● Data supplied

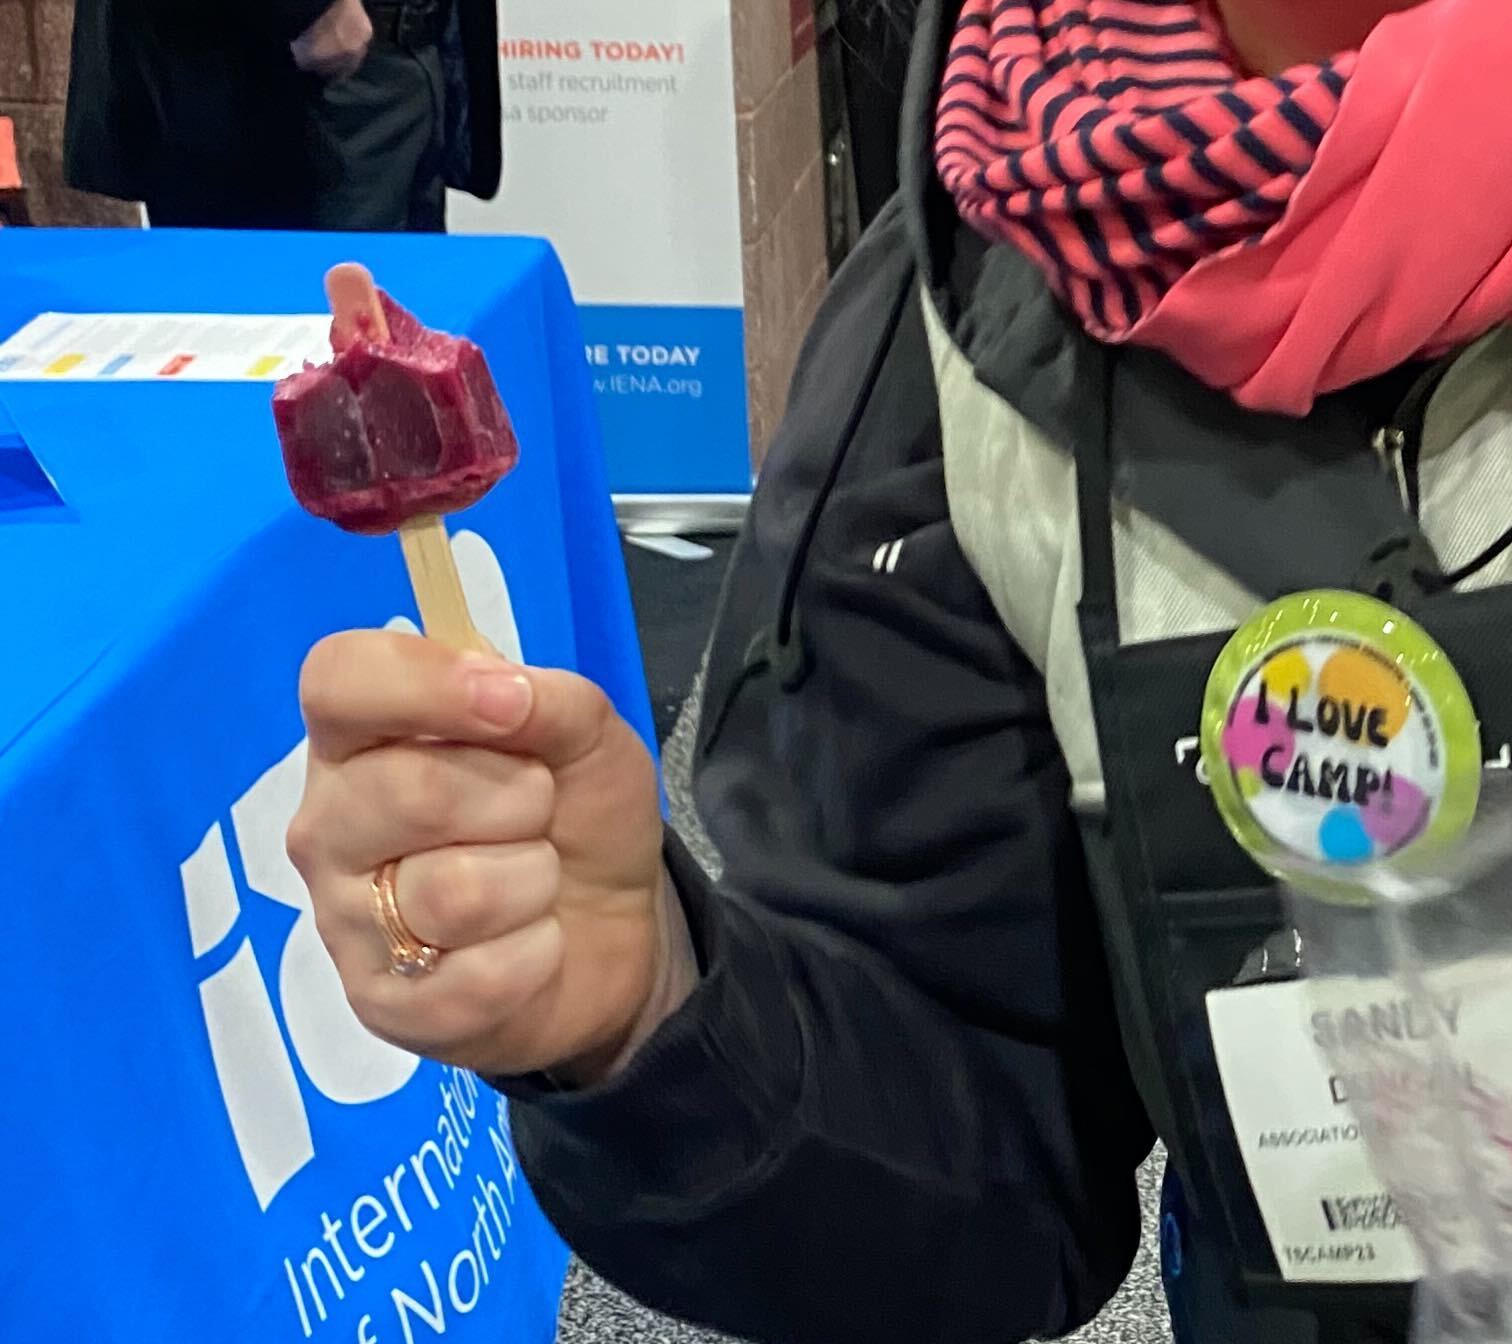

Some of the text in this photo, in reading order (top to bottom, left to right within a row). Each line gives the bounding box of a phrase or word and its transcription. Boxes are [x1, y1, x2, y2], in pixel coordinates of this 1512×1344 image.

[590, 41, 684, 64] TODAY!
[508, 72, 678, 96] staff recruitment
[527, 104, 609, 124] sponsor
[616, 344, 701, 366] TODAY
[1256, 679, 1270, 724] I
[1287, 684, 1390, 748] LOVE
[1260, 744, 1395, 810] CAMP!
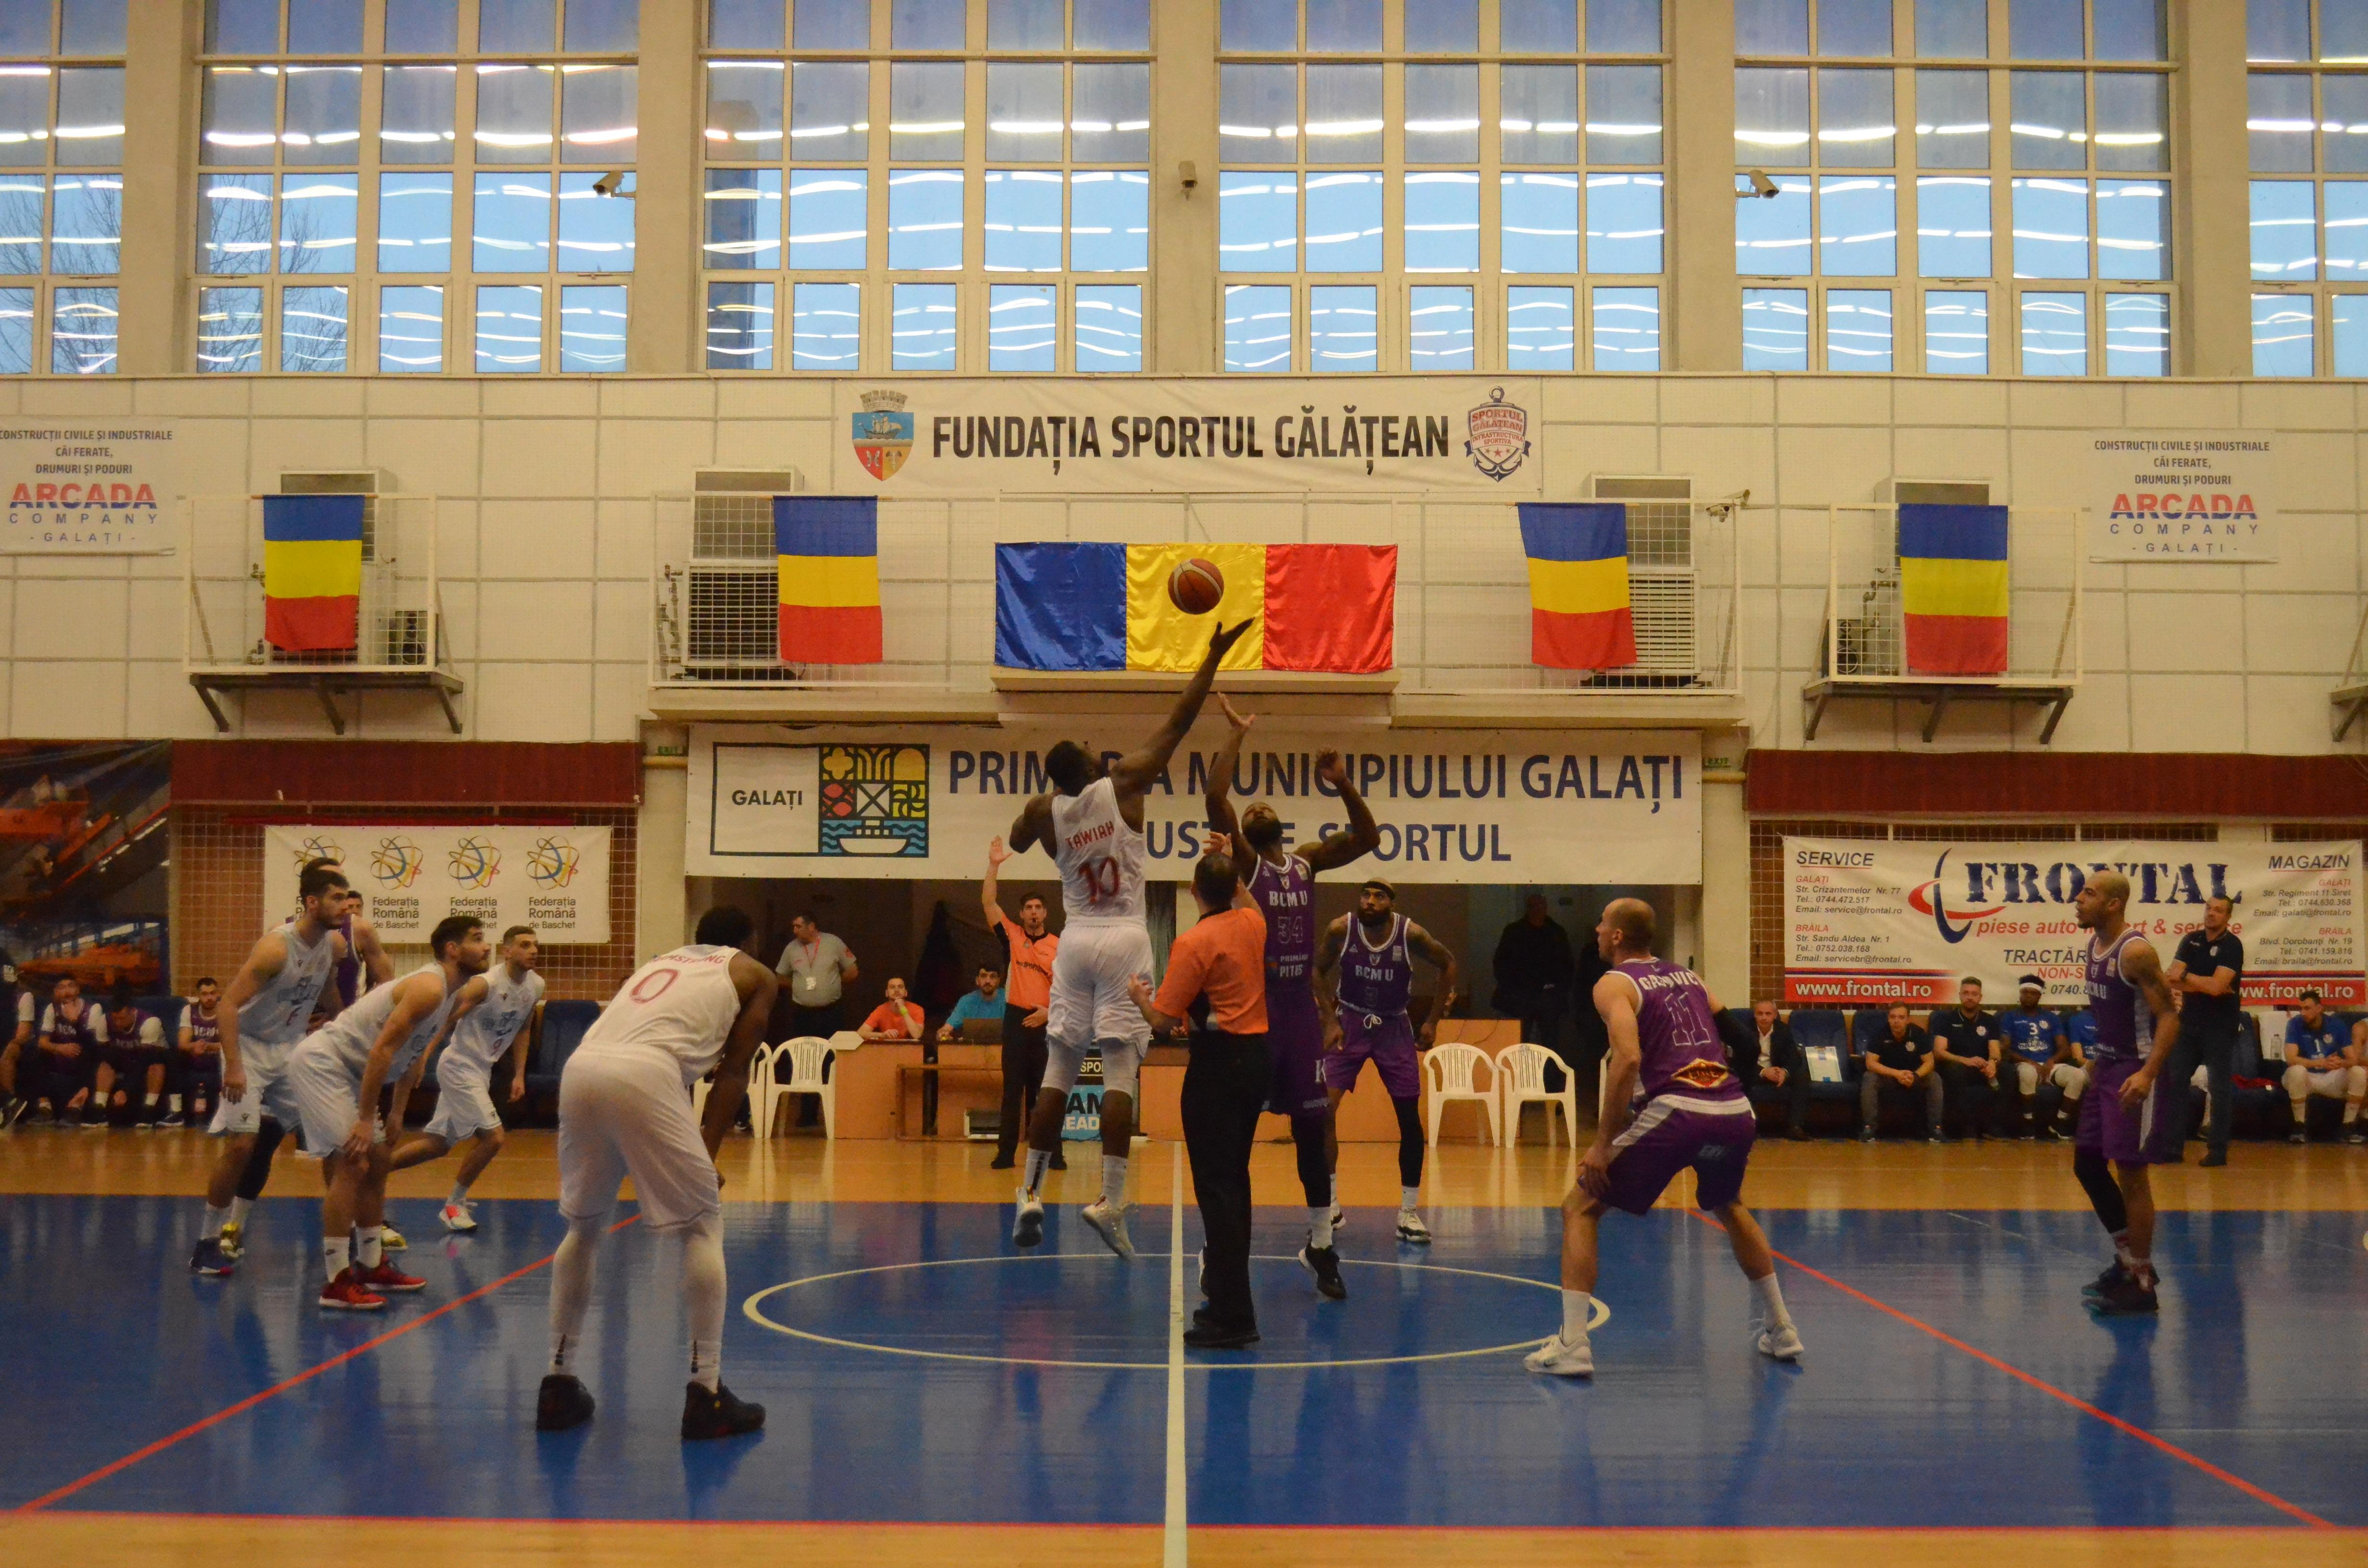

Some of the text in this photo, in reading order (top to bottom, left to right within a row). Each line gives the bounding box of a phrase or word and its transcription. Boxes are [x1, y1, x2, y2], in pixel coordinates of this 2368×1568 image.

[1472, 409, 1522, 422] SPORTUL
[64, 430, 94, 440] CIVILE
[97, 430, 106, 441] ȘI
[108, 430, 173, 440] INDUSTRIALE
[933, 405, 1449, 476] FUNDAȚIA SPORTUL GĂLĂȚEAN
[74, 447, 113, 458] FERATE,
[2095, 441, 2269, 453] CONSTRUCȚII CIVILE ȘI INDUSTRIALE
[2154, 455, 2211, 469] CĂI FERATE,
[36, 465, 132, 476] DRUMURI ȘI PODURI
[2135, 475, 2231, 487] DRUMURI ȘI PODURI
[10, 483, 158, 509] ARCADA
[2109, 493, 2257, 519] ARCADA
[9, 513, 157, 524] COMPANY
[2110, 524, 2257, 534] COMPANY
[950, 751, 1174, 795] PRIMA
[1521, 754, 1682, 814] GALAȚI
[732, 789, 802, 810] GALAȚI
[1065, 821, 1115, 850] TAWIAH
[1796, 851, 1874, 866] SERVICE
[2269, 855, 2350, 869] MAGAZIN
[1078, 856, 1120, 904] 10
[2279, 890, 2319, 898] Regiment
[373, 897, 419, 908] Federația
[450, 897, 497, 907] Federația
[529, 897, 576, 908] Federația
[373, 908, 419, 919] Română
[529, 907, 576, 919] Română
[1825, 906, 1902, 915] service@frontal.ro
[1278, 916, 1303, 943] 34
[1977, 918, 2030, 937] piese
[2035, 919, 2077, 934] auto
[2153, 919, 2166, 934] &
[1825, 955, 1912, 964] servicebr@frontal.ro
[2003, 946, 2087, 963] TRACTĂR
[2282, 957, 2353, 966] braila@frontal.ro
[629, 968, 680, 1004] 0
[1795, 980, 1932, 997] www.frontal.ro
[1665, 992, 1711, 1046] 11
[2029, 1022, 2038, 1035] 3
[1080, 1062, 1103, 1073] SPO

● Required work
Once the pictures are set aside, repeat the data above exactly.

● Expected answer
Some of the text in this photo, in reading order (top to bottom, left to right within a row). Each line gives the bounding box of a phrase or word and its transcription. Boxes are [x1, y1, x2, y2], in pixel coordinates of this 1512×1344 image.

[590, 41, 684, 64] TODAY!
[508, 72, 678, 96] staff recruitment
[527, 104, 609, 124] sponsor
[616, 344, 701, 366] TODAY
[1256, 679, 1270, 724] I
[1287, 684, 1390, 748] LOVE
[1260, 744, 1395, 810] CAMP!

Some of the text in this photo, in reading order (top to bottom, left to right within a row). Each line gives the bounding box of a phrase or word and its transcription. Boxes are [x1, y1, x2, y2], in pixel coordinates of this 2368×1568 image.

[1472, 409, 1522, 422] SPORTUL
[64, 430, 94, 440] CIVILE
[97, 430, 106, 441] ȘI
[108, 430, 173, 440] INDUSTRIALE
[933, 405, 1449, 476] FUNDAȚIA SPORTUL GĂLĂȚEAN
[74, 447, 113, 458] FERATE,
[2095, 441, 2269, 453] CONSTRUCȚII CIVILE ȘI INDUSTRIALE
[2154, 455, 2211, 469] CĂI FERATE,
[36, 465, 132, 476] DRUMURI ȘI PODURI
[2135, 475, 2231, 487] DRUMURI ȘI PODURI
[10, 483, 158, 509] ARCADA
[2109, 493, 2257, 519] ARCADA
[9, 513, 157, 524] COMPANY
[2110, 524, 2257, 534] COMPANY
[950, 751, 1174, 795] PRIMA
[1521, 754, 1682, 814] GALAȚI
[732, 789, 802, 810] GALAȚI
[1065, 821, 1115, 850] TAWIAH
[1796, 851, 1874, 866] SERVICE
[2269, 855, 2350, 869] MAGAZIN
[1078, 856, 1120, 904] 10
[2279, 890, 2319, 898] Regiment
[373, 897, 419, 908] Federația
[450, 897, 497, 907] Federația
[529, 897, 576, 908] Federația
[373, 908, 419, 919] Română
[529, 907, 576, 919] Română
[1825, 906, 1902, 915] service@frontal.ro
[1278, 916, 1303, 943] 34
[1977, 918, 2030, 937] piese
[2035, 919, 2077, 934] auto
[2153, 919, 2166, 934] &
[1825, 955, 1912, 964] servicebr@frontal.ro
[2003, 946, 2087, 963] TRACTĂR
[2282, 957, 2353, 966] braila@frontal.ro
[629, 968, 680, 1004] 0
[1795, 980, 1932, 997] www.frontal.ro
[1665, 992, 1711, 1046] 11
[2029, 1022, 2038, 1035] 3
[1080, 1062, 1103, 1073] SPO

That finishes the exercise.